Today President Barack Obama nominated D.C. Circuit Court Chief Judge Merrick Garland to the Supreme Court. Though not a strong liberal appointment, Assistant Professor of Political Science Meghan Leonard said it could be seen as a protection of future liberal nominees.
Garland is eminently qualified for this position, having graduated Harvard Law, clerked for former Supreme Court Justice William Brennan, served as a federal prosecutor, and served in the Clinton Administration Justice Department. Politically, Judge Garland is center-left, a moderate by most measures.
It is clear with this pick that President Obama was selecting someone he thought might have a chance to move the Senate Republicans off their strategy of obstruction. This selection is the best Senate Republicans could have hoped for in terms of ideology and qualifications. However, early indications are that Senate Republicans plan to continue their unprecedented strategy of complete obstruction of the nominee. What will be interesting is the role of the election in affecting whether or not the Senate Republicans move on this nomination. While it is still unclear the likelihood of either party winning, it is possible that a November win by likely nominee Hillary Clinton could force the Senate to confirm Judge Garland in November or December.
While Senate Republicans have a lot to consider here, other groups are reacting to this nomination. Many liberal groups are somewhat unhappy with the selection of a moderate. This is especially because Judge Garland is seen as being very conservative on criminal justice and rights of the accused issues. These concerns are serious and important, however, it seems clear most liberals will get behind President Obama and his nominee.

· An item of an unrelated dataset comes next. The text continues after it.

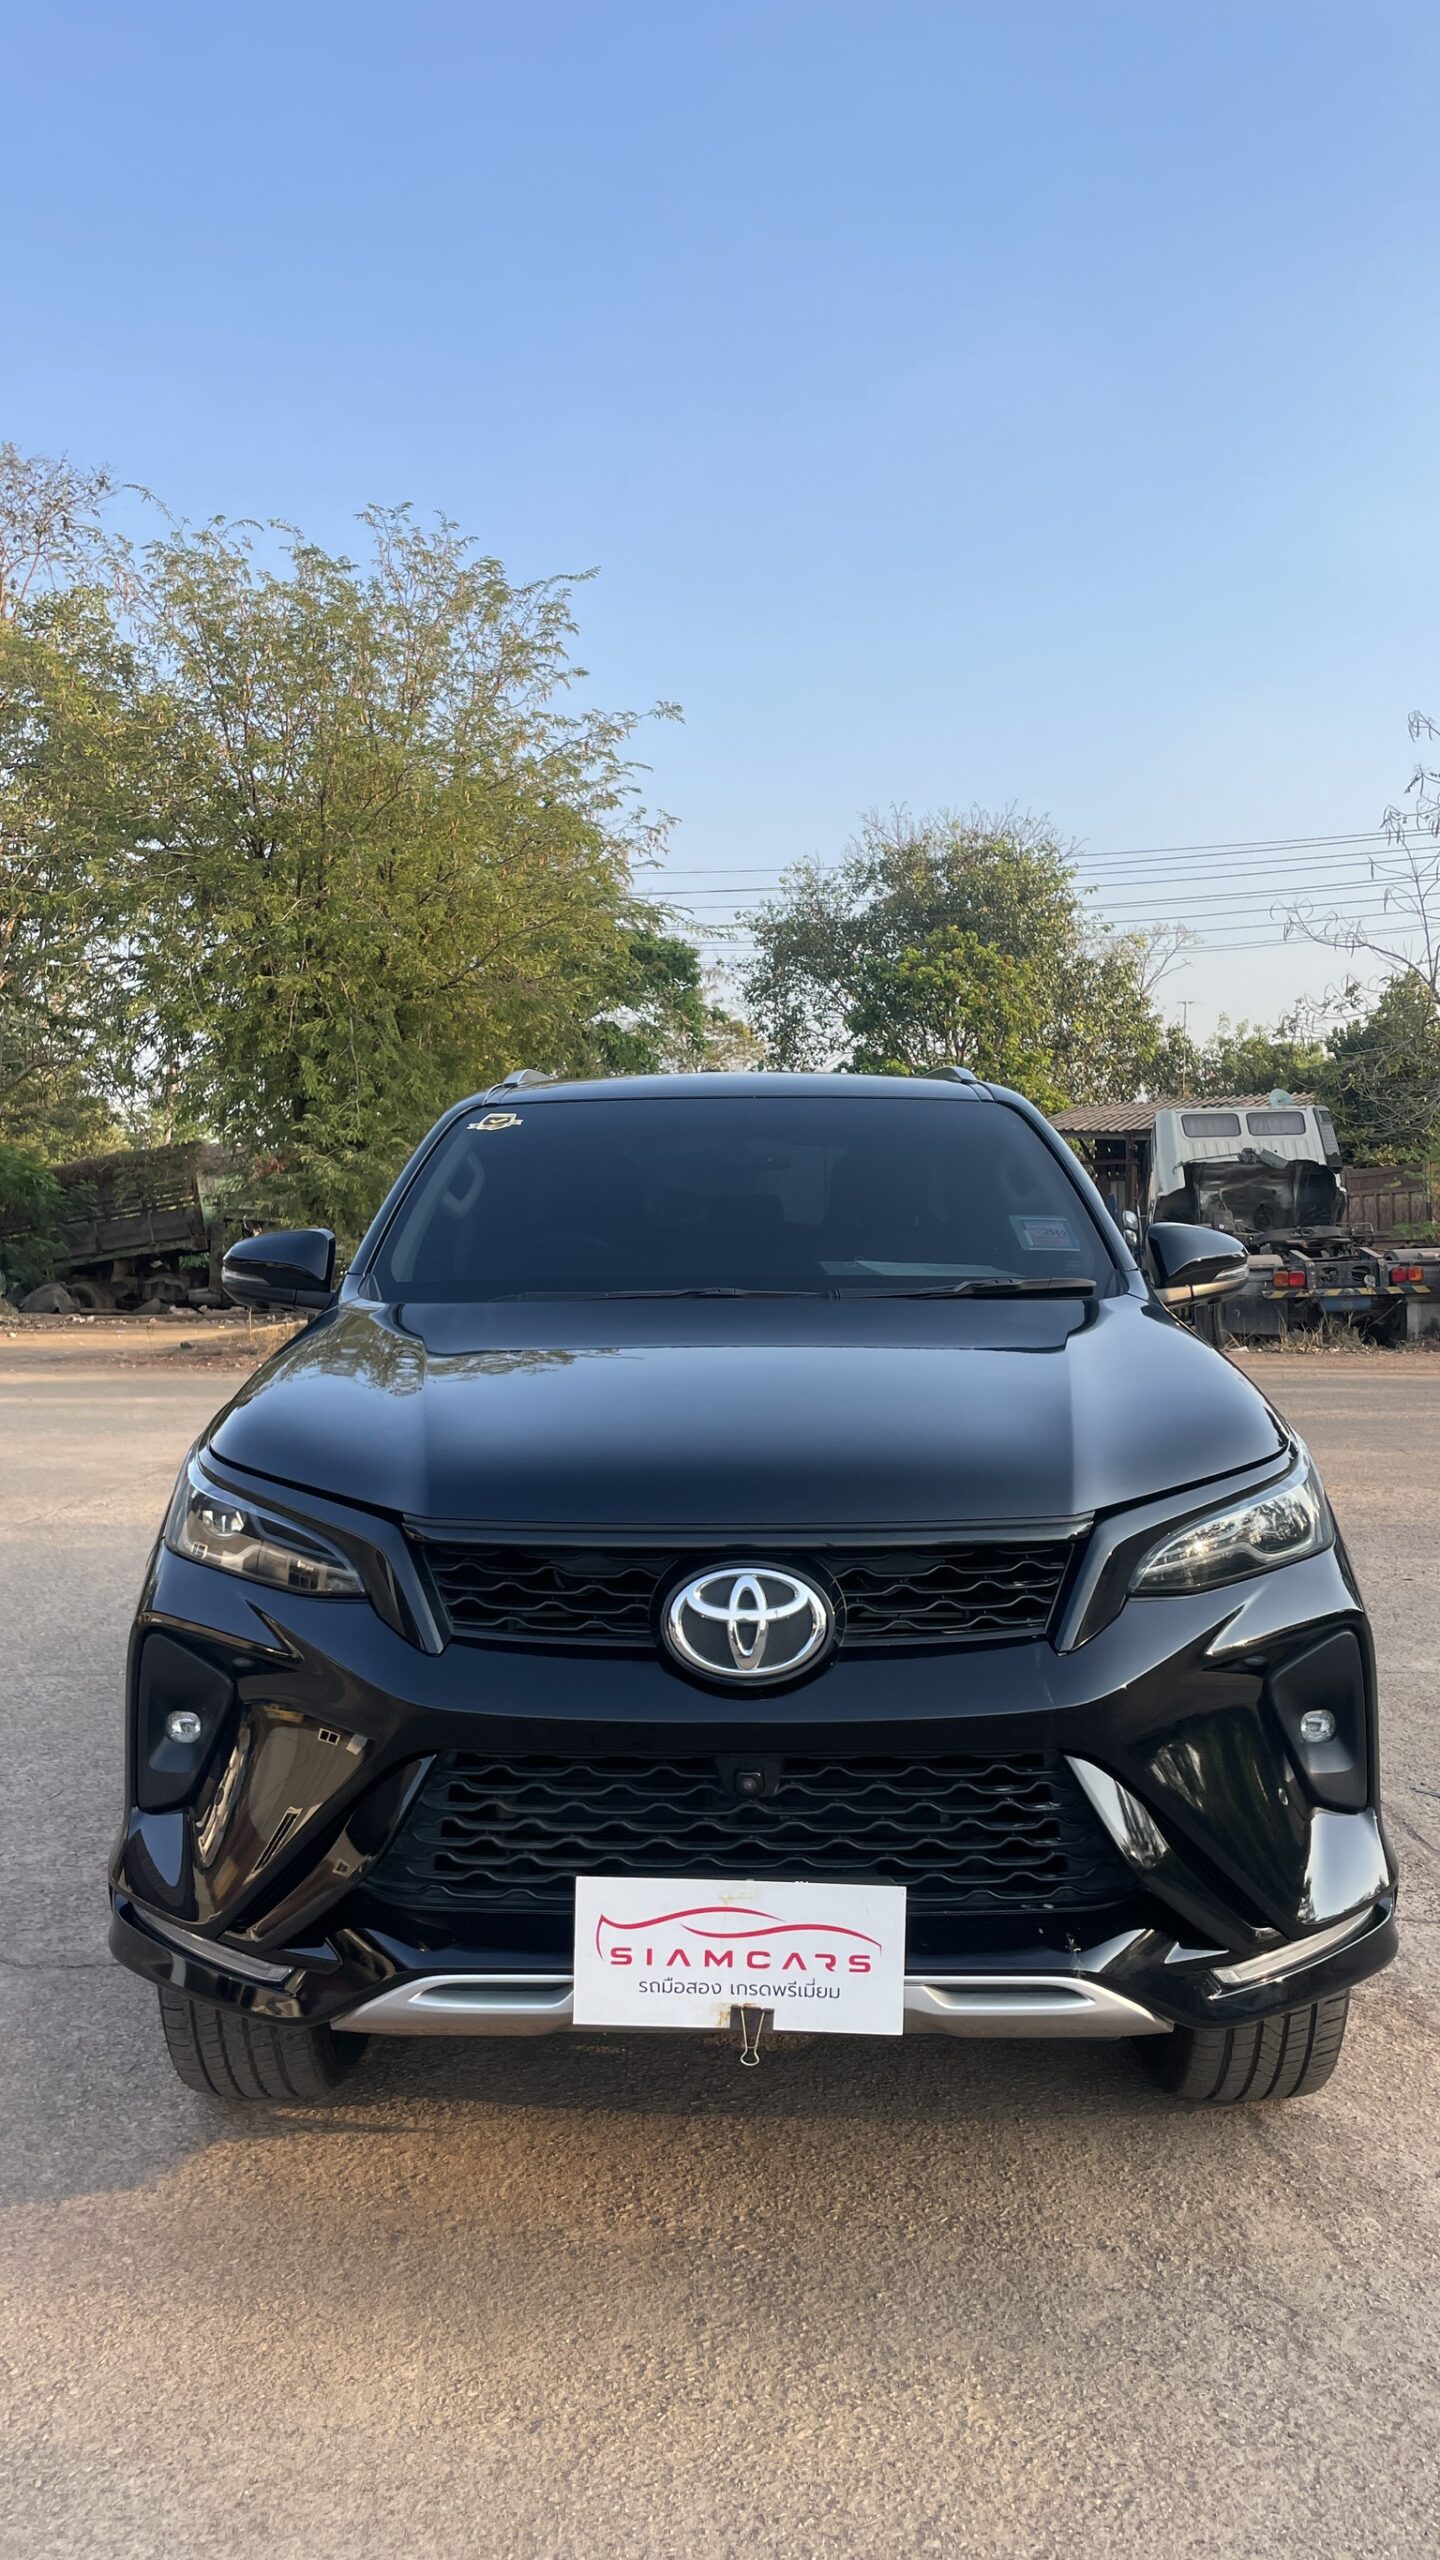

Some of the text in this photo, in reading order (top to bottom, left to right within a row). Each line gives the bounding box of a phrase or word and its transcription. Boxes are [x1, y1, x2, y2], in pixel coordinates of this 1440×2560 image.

[610, 1947, 871, 1973] SIAMCARS
[638, 1977, 841, 1999] รถมือสอง เกรดพรีเมี่ยม

In many liberal circles, there was hope for a more diverse nominee, which could have meant a woman, a person of color, someone from a different religion, or even someone who attended a law school that isn’t Harvard or Yale. In fact, Judge Garland is even much older than most nominees to the Supreme Court, at age 63. It seems to me that the President was being strategic in this respect, too. This nominee might never be confirmed, and may become unappointable in the future as a result. Given his age, this will be the case with Judge Garland anyway. The nomination of Judge Garland could therefore be read as a protection of the much more diverse group of liberal potential nominees for future presidents.